▶ [Records supplied]:
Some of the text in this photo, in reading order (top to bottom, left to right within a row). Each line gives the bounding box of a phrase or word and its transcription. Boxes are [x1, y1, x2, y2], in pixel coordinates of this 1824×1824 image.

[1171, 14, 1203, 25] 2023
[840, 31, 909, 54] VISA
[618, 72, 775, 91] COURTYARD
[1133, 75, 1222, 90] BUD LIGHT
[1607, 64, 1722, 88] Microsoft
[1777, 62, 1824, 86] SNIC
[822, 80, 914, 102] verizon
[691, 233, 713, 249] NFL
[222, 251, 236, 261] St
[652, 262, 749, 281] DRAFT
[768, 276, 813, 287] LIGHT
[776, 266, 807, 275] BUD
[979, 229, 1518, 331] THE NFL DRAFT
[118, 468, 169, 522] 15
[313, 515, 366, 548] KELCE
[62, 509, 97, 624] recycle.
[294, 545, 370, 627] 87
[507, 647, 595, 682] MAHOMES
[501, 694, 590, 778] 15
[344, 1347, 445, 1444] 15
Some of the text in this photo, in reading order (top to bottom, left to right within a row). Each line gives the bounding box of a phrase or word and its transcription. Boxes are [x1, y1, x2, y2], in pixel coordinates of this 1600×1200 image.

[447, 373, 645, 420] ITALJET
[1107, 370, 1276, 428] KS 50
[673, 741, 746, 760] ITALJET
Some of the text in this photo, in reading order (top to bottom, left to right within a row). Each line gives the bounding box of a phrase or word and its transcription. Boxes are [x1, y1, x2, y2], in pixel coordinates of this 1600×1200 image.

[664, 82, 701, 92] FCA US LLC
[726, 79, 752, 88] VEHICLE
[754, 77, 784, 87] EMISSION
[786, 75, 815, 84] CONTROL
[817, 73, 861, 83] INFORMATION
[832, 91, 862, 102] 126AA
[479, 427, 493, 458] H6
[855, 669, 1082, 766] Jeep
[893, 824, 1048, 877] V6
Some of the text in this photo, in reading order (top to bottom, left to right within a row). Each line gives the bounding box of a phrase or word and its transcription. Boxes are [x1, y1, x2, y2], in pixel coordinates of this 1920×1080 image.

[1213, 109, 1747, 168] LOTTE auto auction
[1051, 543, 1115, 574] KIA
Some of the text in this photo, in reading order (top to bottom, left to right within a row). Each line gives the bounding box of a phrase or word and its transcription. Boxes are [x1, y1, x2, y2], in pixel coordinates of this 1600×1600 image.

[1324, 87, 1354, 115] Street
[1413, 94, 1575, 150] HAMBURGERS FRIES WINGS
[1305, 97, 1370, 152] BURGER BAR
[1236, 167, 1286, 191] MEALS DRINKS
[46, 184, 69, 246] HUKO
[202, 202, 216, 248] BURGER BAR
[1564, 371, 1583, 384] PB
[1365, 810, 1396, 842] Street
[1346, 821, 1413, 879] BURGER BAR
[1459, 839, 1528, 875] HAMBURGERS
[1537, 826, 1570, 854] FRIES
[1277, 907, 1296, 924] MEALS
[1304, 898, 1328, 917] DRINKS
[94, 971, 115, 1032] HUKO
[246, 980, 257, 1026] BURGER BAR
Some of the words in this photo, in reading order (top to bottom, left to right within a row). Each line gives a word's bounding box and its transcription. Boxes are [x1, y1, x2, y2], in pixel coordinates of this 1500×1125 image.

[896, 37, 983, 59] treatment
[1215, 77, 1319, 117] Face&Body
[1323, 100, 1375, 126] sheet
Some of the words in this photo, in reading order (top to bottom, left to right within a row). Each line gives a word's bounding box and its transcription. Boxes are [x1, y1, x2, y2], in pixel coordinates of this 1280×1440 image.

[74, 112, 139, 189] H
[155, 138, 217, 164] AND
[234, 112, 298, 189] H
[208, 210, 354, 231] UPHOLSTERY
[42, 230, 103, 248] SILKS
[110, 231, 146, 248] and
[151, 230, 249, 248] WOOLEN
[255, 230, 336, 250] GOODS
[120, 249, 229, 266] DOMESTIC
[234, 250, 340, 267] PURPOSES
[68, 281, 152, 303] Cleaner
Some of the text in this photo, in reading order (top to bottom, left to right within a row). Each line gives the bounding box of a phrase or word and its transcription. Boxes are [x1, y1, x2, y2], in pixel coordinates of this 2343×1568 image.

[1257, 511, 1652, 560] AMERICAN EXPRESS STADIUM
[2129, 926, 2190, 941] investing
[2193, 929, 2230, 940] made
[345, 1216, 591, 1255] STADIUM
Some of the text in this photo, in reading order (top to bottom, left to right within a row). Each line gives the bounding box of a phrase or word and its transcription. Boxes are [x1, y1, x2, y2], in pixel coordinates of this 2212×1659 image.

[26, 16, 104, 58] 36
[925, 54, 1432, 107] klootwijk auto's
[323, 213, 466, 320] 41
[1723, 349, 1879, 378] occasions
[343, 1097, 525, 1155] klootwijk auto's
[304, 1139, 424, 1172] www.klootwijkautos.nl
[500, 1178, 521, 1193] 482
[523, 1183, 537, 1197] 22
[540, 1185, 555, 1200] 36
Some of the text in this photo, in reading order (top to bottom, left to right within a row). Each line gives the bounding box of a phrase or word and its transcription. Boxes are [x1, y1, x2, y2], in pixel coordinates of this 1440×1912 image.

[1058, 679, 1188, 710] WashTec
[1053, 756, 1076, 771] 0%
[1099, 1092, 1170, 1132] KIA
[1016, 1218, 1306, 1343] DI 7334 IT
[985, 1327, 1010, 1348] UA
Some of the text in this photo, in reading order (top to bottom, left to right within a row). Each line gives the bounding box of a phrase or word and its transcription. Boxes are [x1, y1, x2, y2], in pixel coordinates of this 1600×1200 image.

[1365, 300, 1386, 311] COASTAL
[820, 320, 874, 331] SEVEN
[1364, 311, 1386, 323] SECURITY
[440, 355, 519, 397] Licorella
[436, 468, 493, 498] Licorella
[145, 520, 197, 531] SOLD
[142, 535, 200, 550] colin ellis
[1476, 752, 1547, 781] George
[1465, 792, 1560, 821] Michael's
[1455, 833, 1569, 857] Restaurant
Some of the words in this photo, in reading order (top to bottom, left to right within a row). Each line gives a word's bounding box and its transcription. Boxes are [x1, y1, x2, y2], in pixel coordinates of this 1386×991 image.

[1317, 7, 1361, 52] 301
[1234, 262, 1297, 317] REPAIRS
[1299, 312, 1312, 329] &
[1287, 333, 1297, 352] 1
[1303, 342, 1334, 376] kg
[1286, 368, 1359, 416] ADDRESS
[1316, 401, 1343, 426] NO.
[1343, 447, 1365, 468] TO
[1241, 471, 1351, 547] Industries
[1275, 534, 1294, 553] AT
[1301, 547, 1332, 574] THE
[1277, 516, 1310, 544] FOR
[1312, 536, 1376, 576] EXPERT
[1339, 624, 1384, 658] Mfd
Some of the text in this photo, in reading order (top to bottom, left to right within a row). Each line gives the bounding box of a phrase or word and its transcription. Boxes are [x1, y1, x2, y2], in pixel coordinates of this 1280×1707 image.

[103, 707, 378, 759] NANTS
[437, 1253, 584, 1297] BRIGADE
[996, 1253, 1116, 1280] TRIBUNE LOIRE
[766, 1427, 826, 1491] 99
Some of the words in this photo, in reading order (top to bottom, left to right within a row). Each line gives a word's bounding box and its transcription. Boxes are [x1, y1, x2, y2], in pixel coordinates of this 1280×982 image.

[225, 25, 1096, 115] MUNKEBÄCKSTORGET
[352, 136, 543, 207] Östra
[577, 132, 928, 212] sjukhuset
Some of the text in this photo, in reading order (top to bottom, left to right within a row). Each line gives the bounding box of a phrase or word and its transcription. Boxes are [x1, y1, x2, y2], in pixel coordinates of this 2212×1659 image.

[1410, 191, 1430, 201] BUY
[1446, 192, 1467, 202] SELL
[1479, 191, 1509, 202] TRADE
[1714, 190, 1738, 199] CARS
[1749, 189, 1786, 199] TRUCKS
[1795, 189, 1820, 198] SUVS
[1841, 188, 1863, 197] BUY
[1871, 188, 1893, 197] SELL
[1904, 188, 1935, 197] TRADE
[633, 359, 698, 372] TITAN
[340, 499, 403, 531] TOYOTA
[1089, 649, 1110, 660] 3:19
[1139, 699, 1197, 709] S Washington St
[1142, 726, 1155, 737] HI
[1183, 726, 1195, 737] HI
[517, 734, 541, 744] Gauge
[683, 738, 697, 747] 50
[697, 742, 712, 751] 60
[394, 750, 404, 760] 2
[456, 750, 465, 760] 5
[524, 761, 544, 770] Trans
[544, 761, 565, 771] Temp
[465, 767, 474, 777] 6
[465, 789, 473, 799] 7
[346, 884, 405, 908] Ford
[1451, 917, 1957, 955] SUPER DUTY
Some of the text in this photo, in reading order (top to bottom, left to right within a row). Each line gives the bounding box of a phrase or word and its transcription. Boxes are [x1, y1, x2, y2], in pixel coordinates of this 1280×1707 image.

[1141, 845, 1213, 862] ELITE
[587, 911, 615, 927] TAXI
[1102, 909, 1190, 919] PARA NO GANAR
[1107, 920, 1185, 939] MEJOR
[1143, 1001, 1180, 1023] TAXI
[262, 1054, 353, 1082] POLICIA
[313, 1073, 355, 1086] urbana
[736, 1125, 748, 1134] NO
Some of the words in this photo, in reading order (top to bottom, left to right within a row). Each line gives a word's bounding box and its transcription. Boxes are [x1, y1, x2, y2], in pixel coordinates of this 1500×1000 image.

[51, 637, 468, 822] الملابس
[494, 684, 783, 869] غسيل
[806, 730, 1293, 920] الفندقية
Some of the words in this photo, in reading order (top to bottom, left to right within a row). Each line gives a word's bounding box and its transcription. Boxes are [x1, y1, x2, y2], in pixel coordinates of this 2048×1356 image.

▶ [Instructions for the task]: After locating the line above that contains "this 1500×1000 image.", write out that line and every later one exactly, through the last line of the material, and nothing else.

▶ [Your solution]:
Some of the words in this photo, in reading order (top to bottom, left to right within a row). Each line gives a word's bounding box and its transcription. Boxes are [x1, y1, x2, y2], in pixel coordinates of this 1500×1000 image.

[51, 637, 468, 822] الملابس
[494, 684, 783, 869] غسيل
[806, 730, 1293, 920] الفندقية
Some of the words in this photo, in reading order (top to bottom, left to right within a row). Each line gives a word's bounding box and its transcription. Boxes are [x1, y1, x2, y2], in pixel coordinates of this 2048×1356 image.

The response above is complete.